At the end of Friday, NC State’s men stood atop the ACC Track and Field Championship standings behind solid scoring performances in the 10,000 meters, long jump, and 3,000 meter steeplechase. However, with few qualifiers in the finals of the sprints and middle distance events, NC State was likely to slip in the standings.
Early into the afternoon, NC State had fallen from 1st to 6th in the standings, and based upon low participation in the remaining events, it was unlikely that NC State could stay in the heat for the overall team championship. Florida State and Clemson do an outstanding and efficient job of allocating the NCAA cap of 11 scholarships across areas where athletes can compete in 3-4 events (e.g. sprinters, jumpers, middle distances).
Rollie Geiger, on the other hand, prefers to skew his scholarship count toward the long distance runners and highly specialized field event guys, thereby making it virtually impossible to score the requisite 110+ points to win an overall team championship.

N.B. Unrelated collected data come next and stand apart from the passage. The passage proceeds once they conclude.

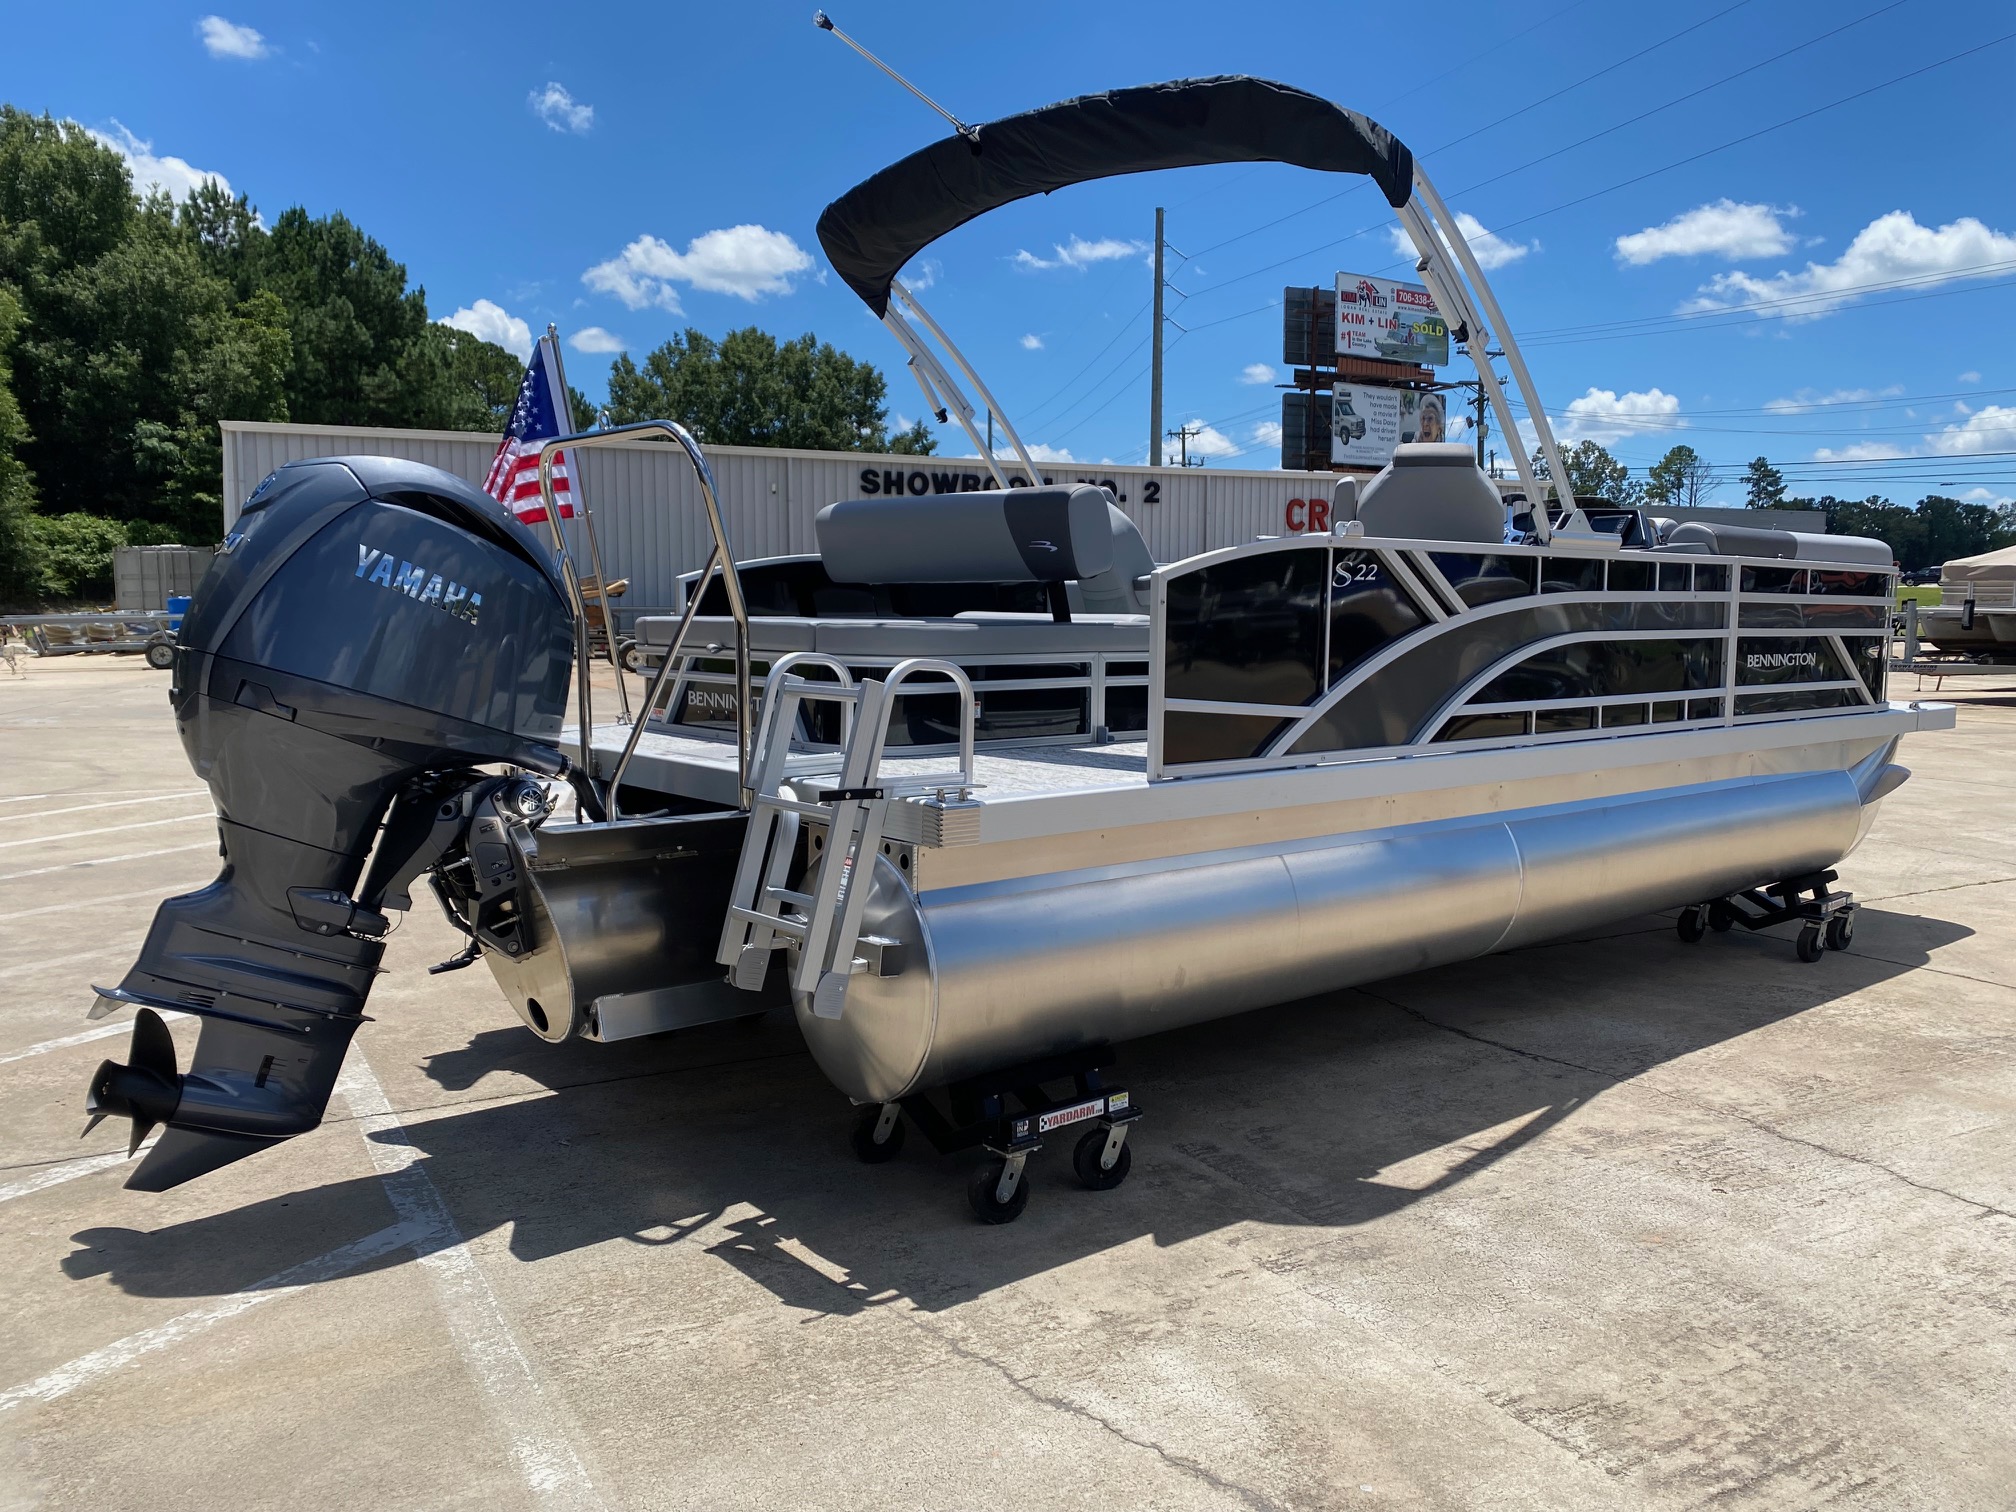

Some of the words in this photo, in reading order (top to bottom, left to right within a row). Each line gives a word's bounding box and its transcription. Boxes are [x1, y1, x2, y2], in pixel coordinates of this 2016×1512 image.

[1342, 292, 1356, 302] KIM
[1376, 297, 1387, 307] LIN
[1399, 291, 1432, 305] 706-338-
[1342, 312, 1365, 325] KIM
[1378, 317, 1397, 330] LIN
[1413, 321, 1444, 337] SOLD
[1341, 330, 1351, 349] #1
[1363, 391, 1375, 401] They
[1376, 394, 1398, 402] wouldn't
[1370, 401, 1382, 409] have
[1383, 419, 1397, 427] Daisy
[860, 469, 1053, 496] SHOWRO
[1144, 481, 1160, 503] 2
[354, 543, 482, 626] YAMAHA
[1747, 652, 1816, 668] BENNINGTON
[688, 690, 762, 712] BENNINT

This strategy may help you win x-country championships, but severely hamstrings a program trying to compete in the winter and spring in track.
It is also worth noting that the two schools that finished ahead of NC State this year in track (Florida State and Clemson) were aided by members of the football team in the 100, 200, and relays. You see, those two schools scheduled their spring football games last weekend so as to facilitate the dual services for these athletes. One can only imagine this registered on the radar of our fearless leadership in Raleigh.

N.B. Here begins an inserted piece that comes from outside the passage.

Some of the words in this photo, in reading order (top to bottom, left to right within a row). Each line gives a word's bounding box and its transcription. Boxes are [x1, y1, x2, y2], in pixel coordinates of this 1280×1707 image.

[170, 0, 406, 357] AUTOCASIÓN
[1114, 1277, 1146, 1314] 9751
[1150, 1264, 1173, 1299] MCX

A sub-story in all of this is that Coach O’Brien may feel his skill position players will get faster working with his conditioning coaches as opposed to our track coaches. One hopes this does not hinder inherent synergies that can and should be fostered between the two sports. Remember that HS All American track athlete TJ Graham joins the football program next year, and should be an important asset to the track program, as well.
I would like to spend a few moments highlighting our women’s track program – which is a microcosm of the larger, and well-chronicled leadership and management deficiencies permeating NC State athletics.
NC State’s women’s track team managed to score 21 points, putting them at 11th of 12 teams (Duke is 12th). It should be noted that there are several paid coaches (including a separate “Director of Operations” for Women’s track) dedicated to a sport that has managed to muster 21 total points at the conference meet.
To further question the ROI of this resource allocation, consider this:
The women’s team did not field a single competitor in the following events:
3000 Meter Steeplechase
In addition, the women’s team failed to post a single finalist in the following events:
400 Meter Hurdles
*The 4×100 relay dropped the baton on the 2nd leg, thus not finishing the event.
This leaves us with the following representation and performances:
Heptathlon – 7th place (1 competitor)
Long Jump – 4th place (3 competitors)
Triple Jump – 3rd place (2 competitors)
High Jump – 3rd and 8th place (3 competitors)
10,000 Meters – 6th place (2 competitors)
The Men amass 17 points in the 5,000 meters behind 1st, 5th, 7th, and 8th place finishes. This is good enough to move the men from 5th to 3rd in the overall standings with one event (4×400 relay) remaining. With six points separating NC State from 4th place UVA, the Wolfpack will hold on to finish third in this year’s conference meet.
I believe this is the best performance of the spring for an NC State team.
Somewhere on Lake Gaston, Lee Fowler is smiling.